In a following cycle, if the answer at step S108 is affirmative, control passes from S108 to S120 in which it is checked if the time value tm2 has reached zero and if it does not, to step S114 and thereafter. When the time value tm2 has found to be lapsed, control passes to step S122 in which it is checked if a fuel cut flag Ffc (which is set to one when the supply of fuel is cutoff as when, for example, the engine braking is being used) is set to zero and if it is, to step S124 and thereafter which are the steps in a process for changing the coefficient Kd on the basis of the resistance value of the heater 32.

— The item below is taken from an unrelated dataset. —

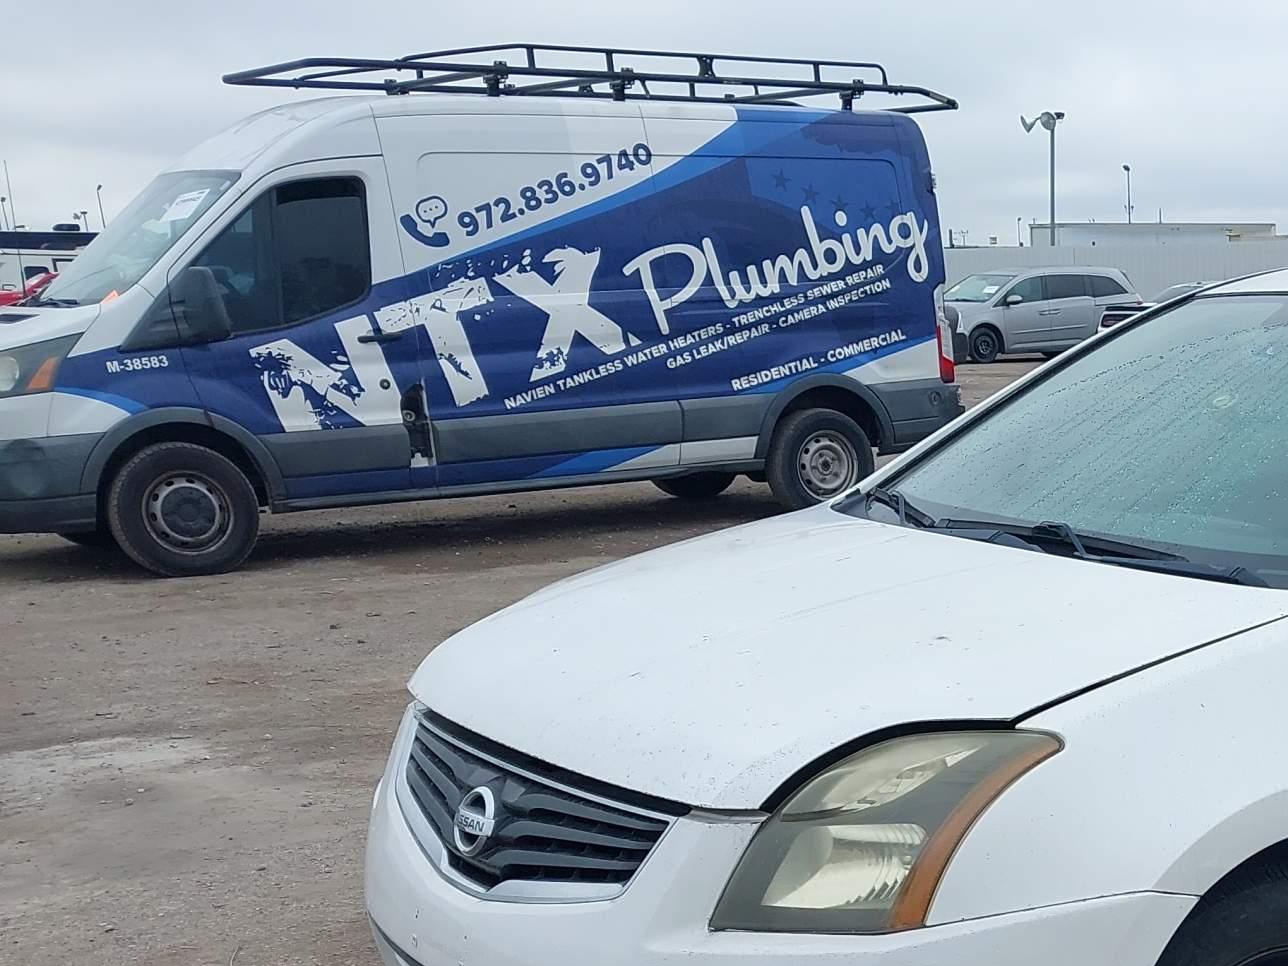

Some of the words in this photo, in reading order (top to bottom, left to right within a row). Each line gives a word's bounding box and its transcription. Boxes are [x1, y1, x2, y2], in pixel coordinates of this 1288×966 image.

In this step S124, it is checked if the detected current value I crosses the reference value Is and if it does, control passes to step S126 in which the count values N1, N2 (both 4, for example) are set to first and second counters, to step S128 in which it is checked if the current value I is at or below the reference value Is. If the current value I is found to be larger than the reference value Is, control passes to step S130 in which the coefficient Kd is updated to the value obtained by subtracting the prescribed value delta P from the value of Kd in the preceding cycle. On the other hand, if the current value I is found to be less than the reference value Is, control passes to step S132 in which the coefficient Kd is updated to the value obtained by adding the prescribed value delta P to the value of Kd in the preceding cycle. Then, control passes to step S134 in which the coefficient Kd computed in the aforesaid manner is compared with a prescribed lower limit value KdL (0.6, for example) and, if it is found that Kd is at or above KdL, to step S136 in which the coefficient Kd is again compared with a prescribed upper limit value KdH (1.0, for example) and, if Kd is at or below KdH, control passes, via step S116, to step S118 in which the value of Tout×Kd is calculated to correct the injection amount Tout. If the coefficient is found to be smaller than the lower limit KdL or larger than the upper limit KdH, control passes to step S138 or S140 in which the coefficient Kd is updated to the limit value KdL or KdH.

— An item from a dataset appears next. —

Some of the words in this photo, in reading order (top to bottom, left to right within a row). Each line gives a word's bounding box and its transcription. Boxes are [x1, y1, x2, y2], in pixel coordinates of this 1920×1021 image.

If it is found in step S124 that the detected current values I does not cross the reference value Is, control passes step S142 in which it is checked if the detected current value I is at or below the reference value Is. If the current value I is found to be larger than the reference value Is, control passes to step S144 in which the count value N1 of the first counter is decremented by one, to step S146 in which it is checked if the value N1 has become zero and, if it does, to step S148 in which the coefficient Kd is updated to the value obtained by subtracting the prescribed value delta Q (delta Q<<delta P) from the value of Kd in the preceding cycle, and then to step S150 in which the value N1 is again set to the counter, and to step S134 and thereafter. If the value N1 is found to be not zero at step S146, control skips S148, S150.

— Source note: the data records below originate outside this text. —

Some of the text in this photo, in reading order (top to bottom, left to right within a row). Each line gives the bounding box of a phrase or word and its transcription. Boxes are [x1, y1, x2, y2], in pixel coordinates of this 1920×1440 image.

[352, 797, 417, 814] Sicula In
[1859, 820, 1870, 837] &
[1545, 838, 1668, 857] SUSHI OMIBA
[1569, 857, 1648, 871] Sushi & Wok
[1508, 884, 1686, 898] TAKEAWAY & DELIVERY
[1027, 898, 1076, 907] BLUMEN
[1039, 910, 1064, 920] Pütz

If it is found in step S142 that the current value I is at or less than the reference value Is, control passes to step S152 in which the count value N2 of the second counter is decremented by one, to step S154 in which it is checked if the value N2 has reached zero and, if so, to step S156 in which the coefficient Kd is updated to the value obtained by adding the prescribed value of delta Q to the value of Kd in the preceding cycle, and then to step S158 in which the value N2 is again set to the counter, and to step S134 and thereafter. If the value N2 is found to be not zero at step S154, control jumps to step S134.

In the above, when control advances to step S106 and the time value tm1 is found to be not zero, control then passes to step S160 in which the coefficient Kd is held so the change of the coefficient by delta Q only occurs at a time interval of tm2×N1 (N2).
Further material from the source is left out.